* TASK DESCRIPTION
From the line holding "this 1333×1500 image." through the line holding "Some of the words" below, write out every line exactly; include both of those lines and drop the pictures.

* MATERIAL FOR THE TASK

+ + + + +

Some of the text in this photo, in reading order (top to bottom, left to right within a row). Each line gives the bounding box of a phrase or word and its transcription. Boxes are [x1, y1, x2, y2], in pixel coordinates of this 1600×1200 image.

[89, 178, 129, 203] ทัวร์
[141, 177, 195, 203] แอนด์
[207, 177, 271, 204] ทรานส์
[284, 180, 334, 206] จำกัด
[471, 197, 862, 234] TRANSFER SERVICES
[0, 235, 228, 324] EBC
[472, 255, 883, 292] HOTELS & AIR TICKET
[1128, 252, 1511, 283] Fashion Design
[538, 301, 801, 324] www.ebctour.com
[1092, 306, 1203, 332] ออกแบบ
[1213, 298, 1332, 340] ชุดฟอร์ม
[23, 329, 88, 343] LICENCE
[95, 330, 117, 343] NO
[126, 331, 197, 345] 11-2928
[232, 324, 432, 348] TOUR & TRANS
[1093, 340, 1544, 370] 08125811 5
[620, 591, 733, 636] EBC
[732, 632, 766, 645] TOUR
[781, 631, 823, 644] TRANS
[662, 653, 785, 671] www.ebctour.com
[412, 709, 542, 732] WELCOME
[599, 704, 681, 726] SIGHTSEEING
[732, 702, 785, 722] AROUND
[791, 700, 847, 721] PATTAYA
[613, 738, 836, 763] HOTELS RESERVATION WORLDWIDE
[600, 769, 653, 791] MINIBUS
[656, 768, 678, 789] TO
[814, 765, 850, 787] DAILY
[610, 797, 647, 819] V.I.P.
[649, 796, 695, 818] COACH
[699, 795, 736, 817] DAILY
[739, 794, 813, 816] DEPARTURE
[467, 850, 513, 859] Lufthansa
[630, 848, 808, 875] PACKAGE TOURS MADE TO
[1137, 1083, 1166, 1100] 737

+ + + + +

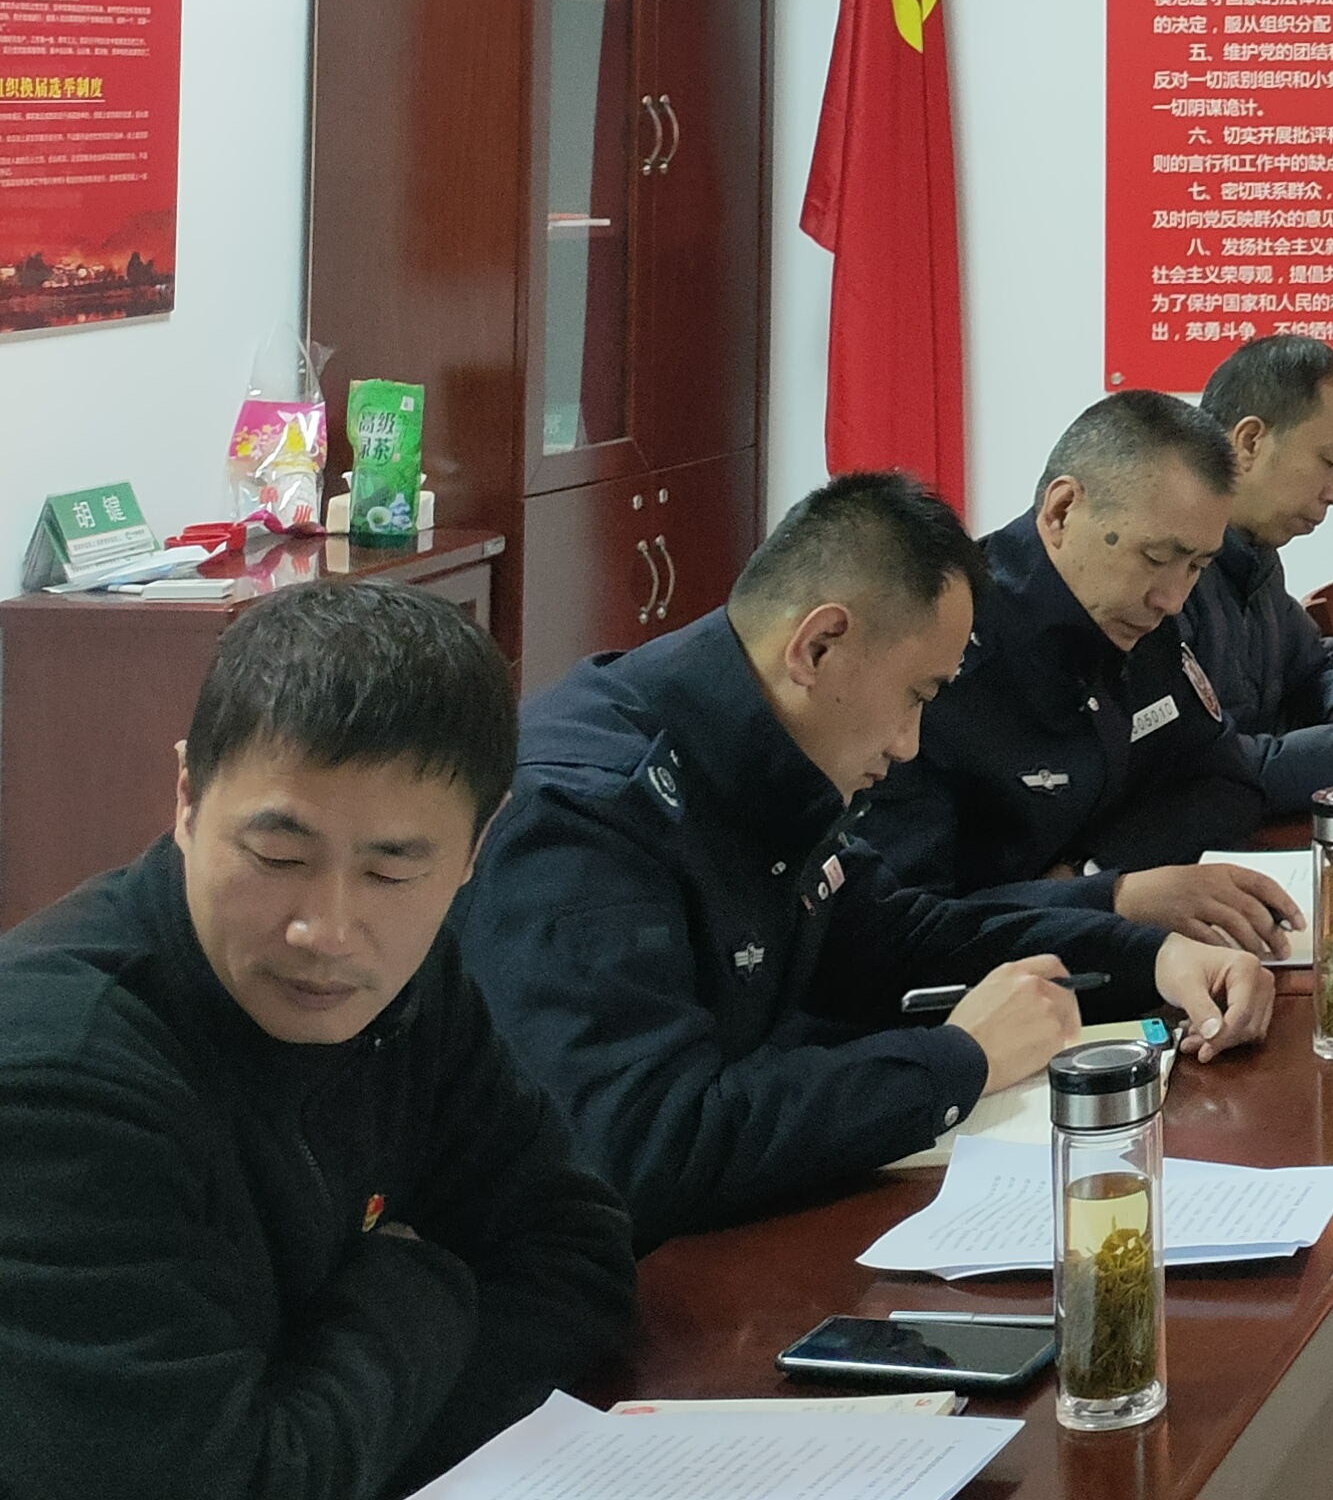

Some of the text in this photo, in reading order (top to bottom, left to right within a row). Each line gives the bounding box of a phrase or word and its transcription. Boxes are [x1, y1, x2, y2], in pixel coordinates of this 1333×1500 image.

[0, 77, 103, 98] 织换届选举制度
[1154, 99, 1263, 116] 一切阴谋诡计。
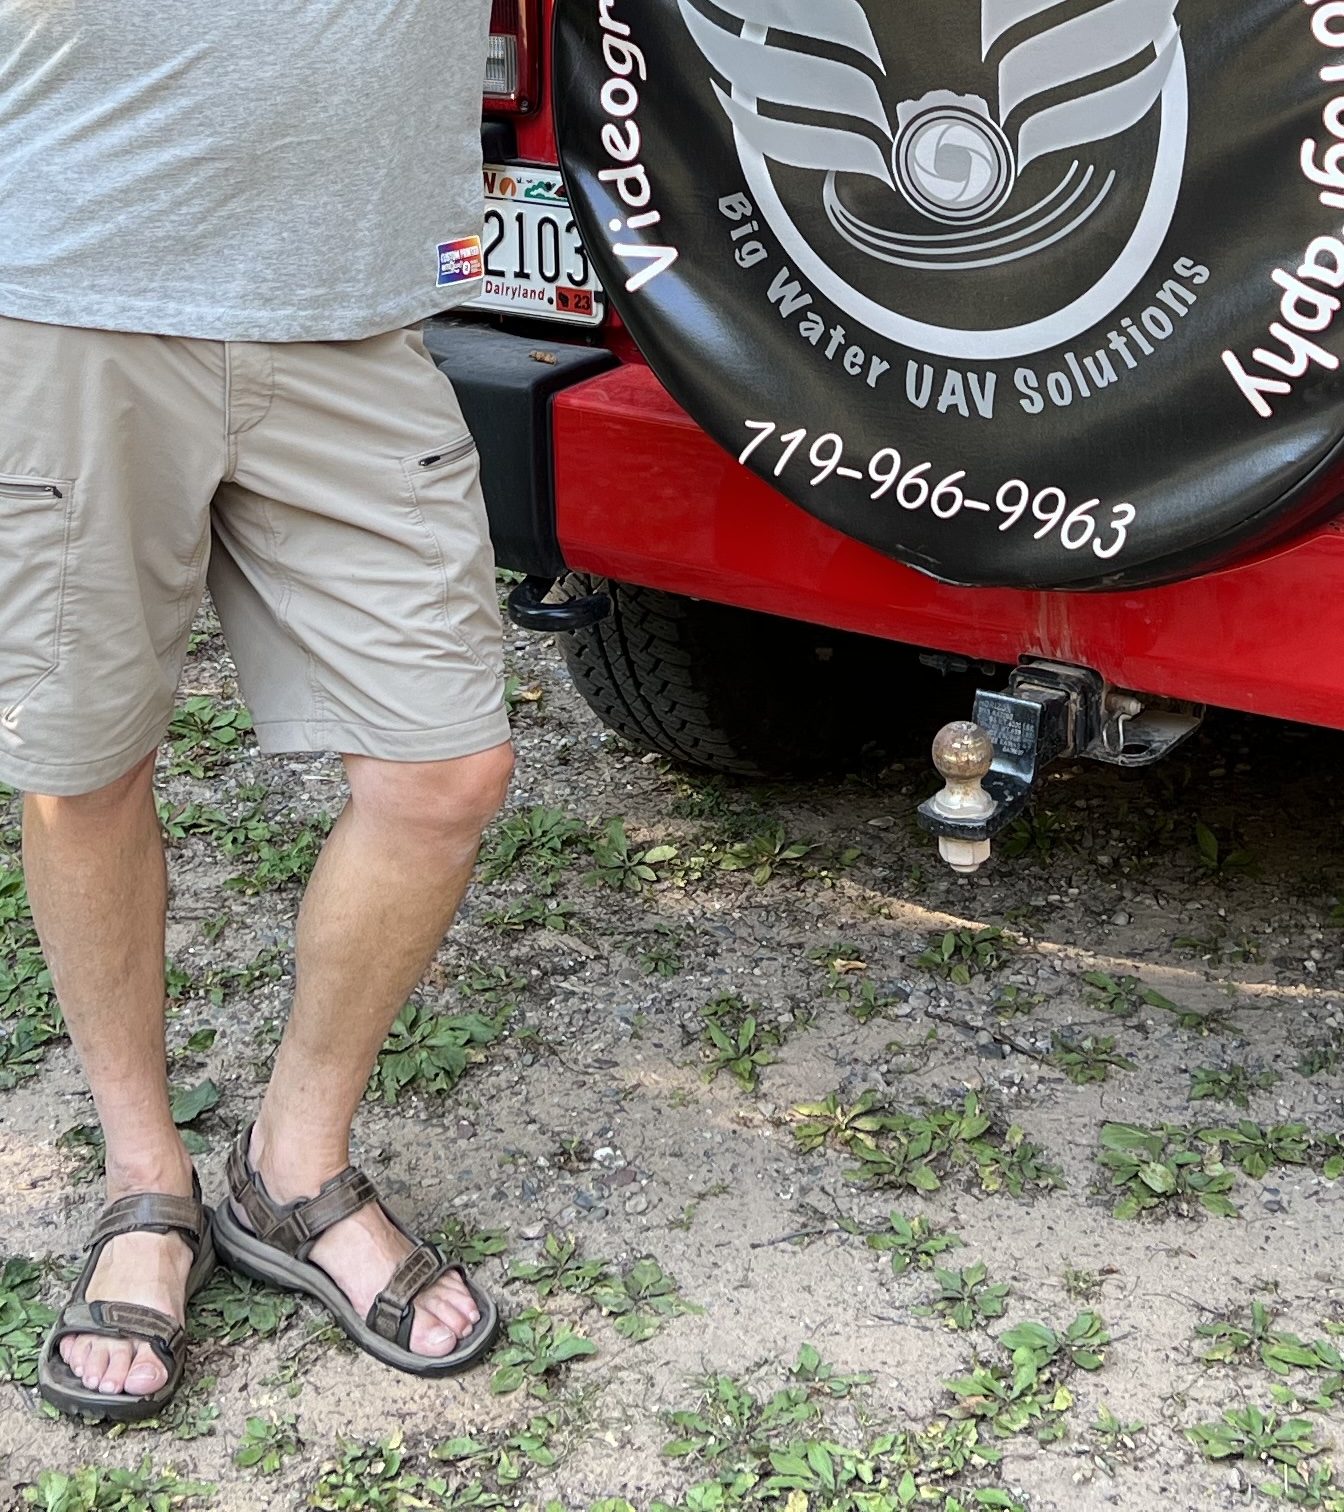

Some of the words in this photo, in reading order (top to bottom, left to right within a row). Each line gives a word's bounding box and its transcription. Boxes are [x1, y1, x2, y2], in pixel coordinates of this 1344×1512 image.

+ + + + +

* TASK SOLUTION
Some of the text in this photo, in reading order (top to bottom, left to right within a row). Each line gives the bounding box of a phrase or word and its transcription. Boxes are [x1, y1, x2, y2], in pixel coordinates of this 1333×1500 image.

[0, 77, 103, 98] 织换届选举制度
[1154, 99, 1263, 116] 一切阴谋诡计。

Some of the words in this photo, in reading order (top to bottom, left to right within a row). Each line gives a word's bounding box and its transcription. Boxes are [x1, y1, x2, y2], in pixel coordinates of this 1344×1512 image.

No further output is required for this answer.